To the best of our knowledge, this study of 1770 patients provides data on the clinical relevance of DNMT3Amut in the largest cohort to date of younger adult AML patients who were homogeneously and intensively treated on prospective clinical trials. In accordance with previous studies, we found DNMT3Amut in 20.9% of all AMLs and in 33.8% of CN-AMLs; 64.5% of mutations clustered at R882 in exon 23.

In our study, patients with DNMT3Amut were older; more frequently female; and had higher WBC, platelet, and BM blast counts. Similar results were found by others with regard to age,4,8,12,13  gender,9  WBC counts,4,5,7-9,12-14  platelet counts,8,12,13  and BM blast counts.4,12,14  It is known, that NPM1mut and FLT3-ITD are associated in general with higher WBC counts and NPM1mut is associated with higher platelet counts. With regard to the DNMT3Amut types in our cohort (R882-DNMT3Amut vs non-R882-DNMT3Amut), 72.1% and 38.2% of R882-DNMT3Amut had a concurrent NPM1mut or FLT3-ITD, whereas only 49.2% and 26.7% of non-R882-DNMT3Amut were NPM1mut or FLT3-ITDpos. Thus, the effect of higher WBC counts in patients with DNMT3Amut may be mainly due to cooperating mutations such as FLT3-ITD or NPM1mut, whereas DNMT3Amut seems to have an independent effect on platelet counts. With respect to age, we found a rising frequency of the mutation in patients up to the age of 40 years (Figure 1) reaching a plateau thereafter.

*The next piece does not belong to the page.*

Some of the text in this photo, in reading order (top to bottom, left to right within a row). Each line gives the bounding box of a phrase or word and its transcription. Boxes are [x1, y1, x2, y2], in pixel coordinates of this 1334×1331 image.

As in previous studies, DNMT3Amut in our study were highly associated with intermediate-risk cytogenetics, in particular CN-AML7,8,10,12,13,15 ; DNMT3Amut were infrequent in AML with adverse cytogenetics and rare in cytogenetically low-risk patients (Table 1).7,8,13  A novel finding of our study was that R882 and non-R882 DNMT3Amut were associated with different cytogenetic patterns (Table 1): (1) the association of R882 DNMT3Amut with CN-AML was significantly stronger (83.9% vs 65.9% for non-R882); (2) no R882 mutations were found among AMLs with recurrent balanced rearrangements, but cases of non-R882 mutations [with the exception of t(9;11)]; and (3) non-R882 DNMT3Amut were in trend more frequent in AML with adverse cytogenetics.

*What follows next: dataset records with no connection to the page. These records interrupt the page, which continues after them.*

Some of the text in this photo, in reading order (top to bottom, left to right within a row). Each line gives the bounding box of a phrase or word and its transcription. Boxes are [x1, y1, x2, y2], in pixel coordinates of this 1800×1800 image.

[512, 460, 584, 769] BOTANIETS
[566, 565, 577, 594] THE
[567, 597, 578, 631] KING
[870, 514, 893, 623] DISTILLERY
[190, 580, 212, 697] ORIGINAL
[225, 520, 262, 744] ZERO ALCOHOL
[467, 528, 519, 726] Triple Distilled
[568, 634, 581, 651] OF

Molecularly, we found a highly significant association of DNMT3Amut with NPM1mut, FLT3-ITD, and IDH1/2mut, whereas DNMT3Amut were significantly less frequent in AML with CEBPAdm (Table 1). These data are consistent with and extend the data from previous studies.7-15  We identified different patterns of cooperating gene mutations between R882 and non-R882 DNMT3Amut: R882 DNMT3Amut had a significantly higher incidence of concurrent NPM1mut and FLT3-ITD compared with non-R882 DNMT3Amut (NPM1mut, 72.1% vs 49.2% [P < .0001]; FLT3-ITD, 38.2% vs 26.7% [P = .04], respectively) These effects were restricted to patients with cytogenetic abnormalities, whereas in CN-AMLs, no significant differences were found. It is conceivable that these different patterns of cooperating events had an impact on clinical outcome analyses. Marcucci et al14  analyzed the genetic distribution of molecular markers with regard to age (<60 vs ≥60 years) and mutation type (R882 vs non-R882) and found similar results for the different groups.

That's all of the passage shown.